**TRY IT**
Write out each entry again. Keep every word exactly as it is.

**INFORMATION SHOWN**
- - - - - - -

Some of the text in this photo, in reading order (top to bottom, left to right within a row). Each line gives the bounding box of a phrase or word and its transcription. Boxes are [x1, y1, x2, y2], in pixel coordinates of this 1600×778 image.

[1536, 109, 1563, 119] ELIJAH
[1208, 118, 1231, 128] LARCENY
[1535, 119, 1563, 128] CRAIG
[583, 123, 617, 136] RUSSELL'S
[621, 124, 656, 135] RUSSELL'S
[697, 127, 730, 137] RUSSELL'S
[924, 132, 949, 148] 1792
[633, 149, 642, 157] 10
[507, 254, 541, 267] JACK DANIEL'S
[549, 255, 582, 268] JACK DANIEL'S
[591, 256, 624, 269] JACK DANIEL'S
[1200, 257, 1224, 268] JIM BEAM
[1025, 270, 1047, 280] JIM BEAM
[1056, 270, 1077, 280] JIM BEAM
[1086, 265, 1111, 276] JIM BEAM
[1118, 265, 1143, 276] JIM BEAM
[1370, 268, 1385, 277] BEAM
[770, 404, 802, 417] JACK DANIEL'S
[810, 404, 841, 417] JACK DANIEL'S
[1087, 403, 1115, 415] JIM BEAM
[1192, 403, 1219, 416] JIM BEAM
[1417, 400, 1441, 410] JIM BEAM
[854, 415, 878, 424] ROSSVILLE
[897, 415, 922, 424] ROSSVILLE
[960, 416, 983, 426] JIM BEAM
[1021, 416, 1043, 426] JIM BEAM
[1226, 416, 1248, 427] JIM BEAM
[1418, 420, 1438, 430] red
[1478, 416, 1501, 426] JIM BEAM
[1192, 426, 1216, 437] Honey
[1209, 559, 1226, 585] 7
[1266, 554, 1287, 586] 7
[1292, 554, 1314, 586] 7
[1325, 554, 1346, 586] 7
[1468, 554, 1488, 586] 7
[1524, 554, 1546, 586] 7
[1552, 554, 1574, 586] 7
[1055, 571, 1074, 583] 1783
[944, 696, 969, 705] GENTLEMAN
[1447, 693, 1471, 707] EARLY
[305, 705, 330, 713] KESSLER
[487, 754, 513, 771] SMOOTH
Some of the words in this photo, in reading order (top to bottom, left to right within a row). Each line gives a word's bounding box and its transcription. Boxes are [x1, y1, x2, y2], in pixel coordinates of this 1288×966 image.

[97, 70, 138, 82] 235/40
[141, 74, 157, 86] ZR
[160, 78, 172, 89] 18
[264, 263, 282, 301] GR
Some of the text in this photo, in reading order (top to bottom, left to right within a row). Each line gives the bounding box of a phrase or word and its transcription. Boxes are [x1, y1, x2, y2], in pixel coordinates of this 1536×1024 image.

- - - - - - -

**ANSWER SPACE**
Some of the text in this photo, in reading order (top to bottom, left to right within a row). Each line gives the bounding box of a phrase or word and its transcription. Boxes are [x1, y1, x2, y2], in pixel coordinates of this 1600×778 image.

[1536, 109, 1563, 119] ELIJAH
[1208, 118, 1231, 128] LARCENY
[1535, 119, 1563, 128] CRAIG
[583, 123, 617, 136] RUSSELL'S
[621, 124, 656, 135] RUSSELL'S
[697, 127, 730, 137] RUSSELL'S
[924, 132, 949, 148] 1792
[633, 149, 642, 157] 10
[507, 254, 541, 267] JACK DANIEL'S
[549, 255, 582, 268] JACK DANIEL'S
[591, 256, 624, 269] JACK DANIEL'S
[1200, 257, 1224, 268] JIM BEAM
[1025, 270, 1047, 280] JIM BEAM
[1056, 270, 1077, 280] JIM BEAM
[1086, 265, 1111, 276] JIM BEAM
[1118, 265, 1143, 276] JIM BEAM
[1370, 268, 1385, 277] BEAM
[770, 404, 802, 417] JACK DANIEL'S
[810, 404, 841, 417] JACK DANIEL'S
[1087, 403, 1115, 415] JIM BEAM
[1192, 403, 1219, 416] JIM BEAM
[1417, 400, 1441, 410] JIM BEAM
[854, 415, 878, 424] ROSSVILLE
[897, 415, 922, 424] ROSSVILLE
[960, 416, 983, 426] JIM BEAM
[1021, 416, 1043, 426] JIM BEAM
[1226, 416, 1248, 427] JIM BEAM
[1418, 420, 1438, 430] red
[1478, 416, 1501, 426] JIM BEAM
[1192, 426, 1216, 437] Honey
[1209, 559, 1226, 585] 7
[1266, 554, 1287, 586] 7
[1292, 554, 1314, 586] 7
[1325, 554, 1346, 586] 7
[1468, 554, 1488, 586] 7
[1524, 554, 1546, 586] 7
[1552, 554, 1574, 586] 7
[1055, 571, 1074, 583] 1783
[944, 696, 969, 705] GENTLEMAN
[1447, 693, 1471, 707] EARLY
[305, 705, 330, 713] KESSLER
[487, 754, 513, 771] SMOOTH
Some of the words in this photo, in reading order (top to bottom, left to right within a row). Each line gives a word's bounding box and its transcription. Boxes are [x1, y1, x2, y2], in pixel coordinates of this 1288×966 image.

[97, 70, 138, 82] 235/40
[141, 74, 157, 86] ZR
[160, 78, 172, 89] 18
[264, 263, 282, 301] GR
Some of the text in this photo, in reading order (top to bottom, left to right within a row). Each line gives the bounding box of a phrase or word and its transcription. Boxes are [x1, y1, x2, y2], in pixel coordinates of this 1536×1024 image.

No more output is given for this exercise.